Through these three rounds of voting, we found that the evaluation of Andy Lau was greater than Jacky Cheung, Jacky Cheung was more evaluated than Jacky Kwok, and the evaluation of Kwok Fucheng was greater than Andy Lau. It is obvious that we are in a circular situation. This is the "voting paradox", which means that no matter what game rules are adopted, it is impossible to get results that conform to the rules of the game through voting. It would be much easier if the world was limited to the selection of stars. The problem is that some decisions related to the fate of the country often have the aforementioned "voting paradox". Many people have discussed this, but they have not come up with a more convincing way.
When everyone was rushing to find the "optimal public choice principle" without gain, American economist Arrow put forward his impossibility theorem in "Social Choice and Personal Value" published in 1951 after painstaking research. And for this he won the Nobel Prize in Economics in 1972. Arrow’s Impossibility Theorem means, “As long as you give a few preconditions that the selector will inevitably accept, under these preconditions, people cannot find a set of rules (or procedures) in a general or universal sense. Deduced on the basis of personal selection order". It is further derived from this that, in a general or universal sense, it is impossible to find a social state that can guarantee that the welfare of all selectors will only increase and not be damaged.
The conditions that Arro said that several selectors must accept are: universality. There are at least three or more selected schemes for the selector to choose; consistency. Although a certain order of social choices is based on certain personal choices, it must conform to the public's consistent preference; independence. Irrelevant programs are independent; the principle of independent sovereignty.

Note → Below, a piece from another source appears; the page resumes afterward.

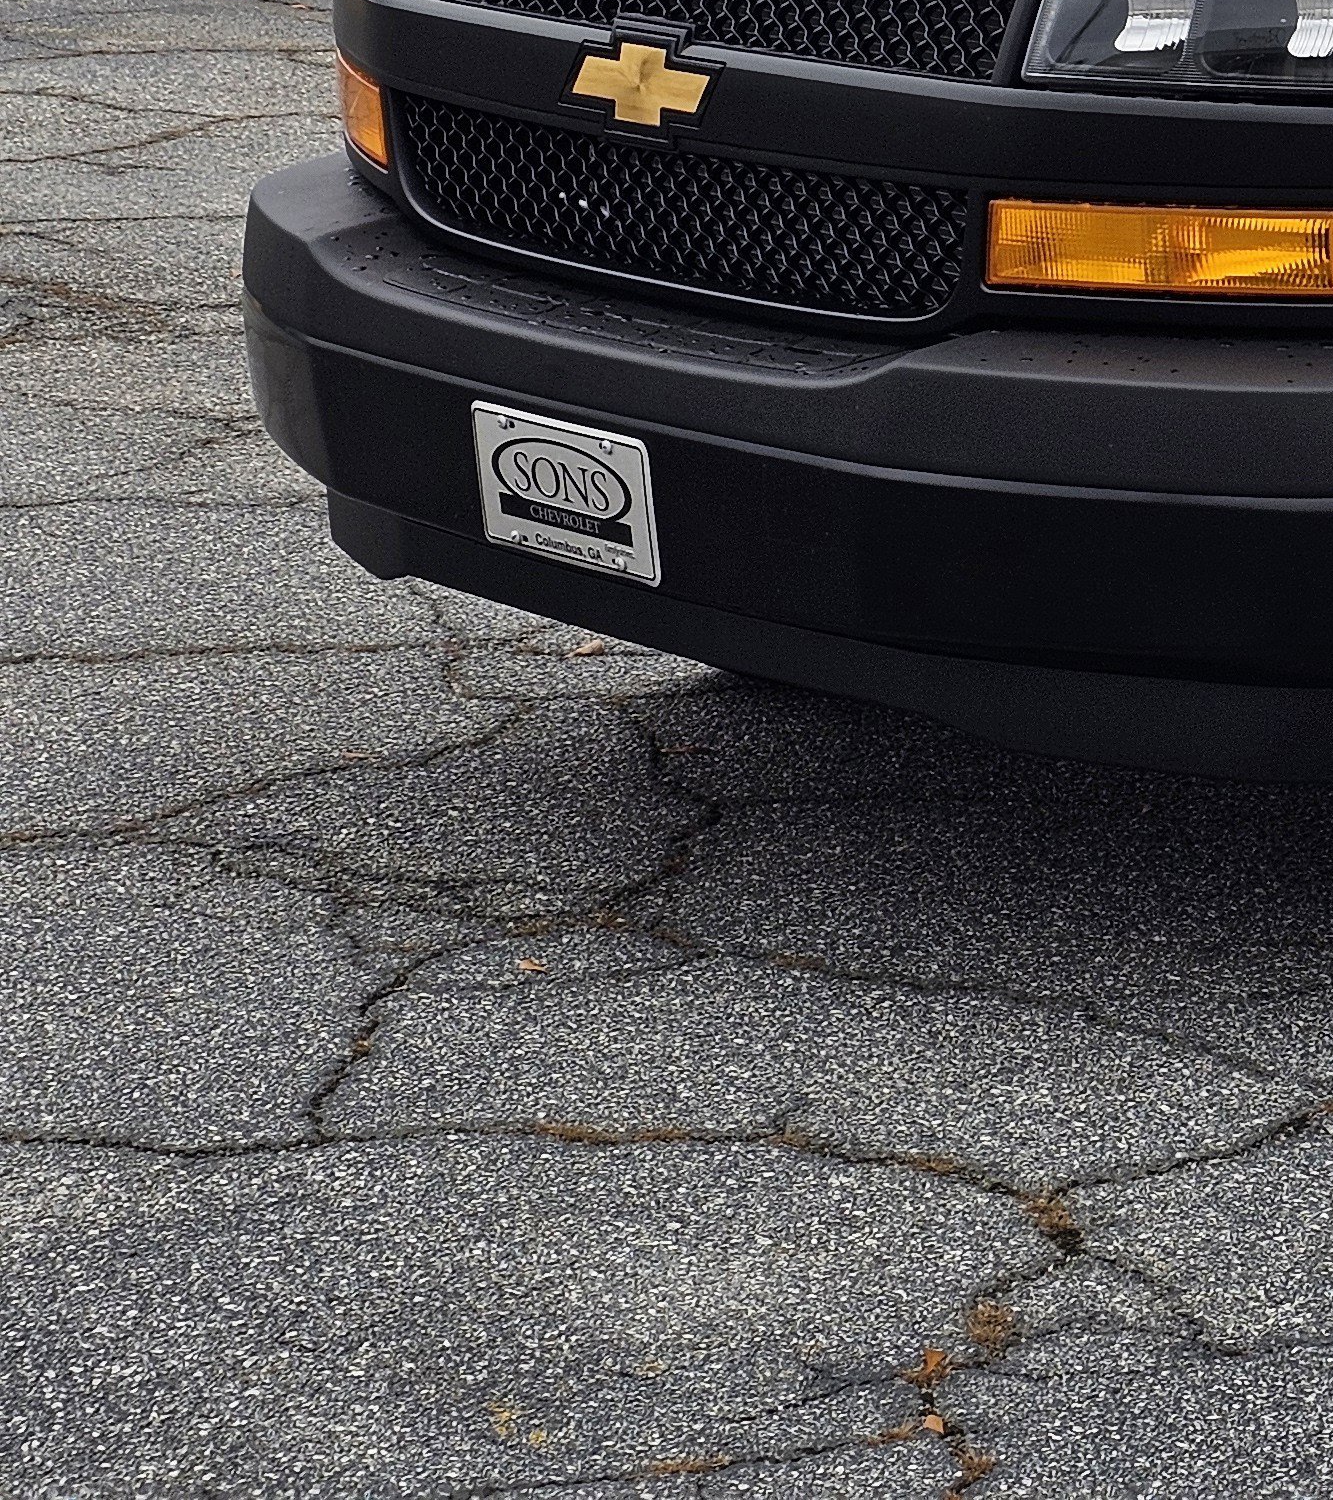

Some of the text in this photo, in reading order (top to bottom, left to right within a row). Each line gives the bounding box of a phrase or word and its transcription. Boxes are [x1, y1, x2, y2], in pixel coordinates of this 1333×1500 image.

The choice and determination of alternatives should be determined by citizens based solely on personal preferences, and cannot be imposed by society; it is not authoritarian. We cannot let everyone's preferences determine the order of the alternatives in the entire society, and we should adhere to the principles of freedom and democracy.
Arrow believes that each of the above five mutually independent conditions is necessary, but it is impossible to construct a social welfare function that can satisfy these conditions at the same time. The reason for the impossibility is that there are contradictions among the 1-5 conditions, so it is impossible to achieve complete agreement. He drew a seemingly incredible conclusion: there is no solution that can get rid of the shadow of the "voting paradox". When transitioning from personal preference to social preference, it can satisfy social preference and represent a wide range of personal preferences. A sorting method, only coercion and dictatorship. In this way, the effort to find a reasonable social choice mechanism is almost in trouble.
Arrow’s Impossibility Theorem breaks some views that are believed to be truth, and also gives us a new understanding of public choice and democratic systems. Because the social choice method of "the minority obeys the majority" that we admire cannot satisfy the "Arrow's five conditions", just as the market fails, the principle of public choice will also lead to the failure of democracy. Therefore, the rationality of the majority vote principle is limited.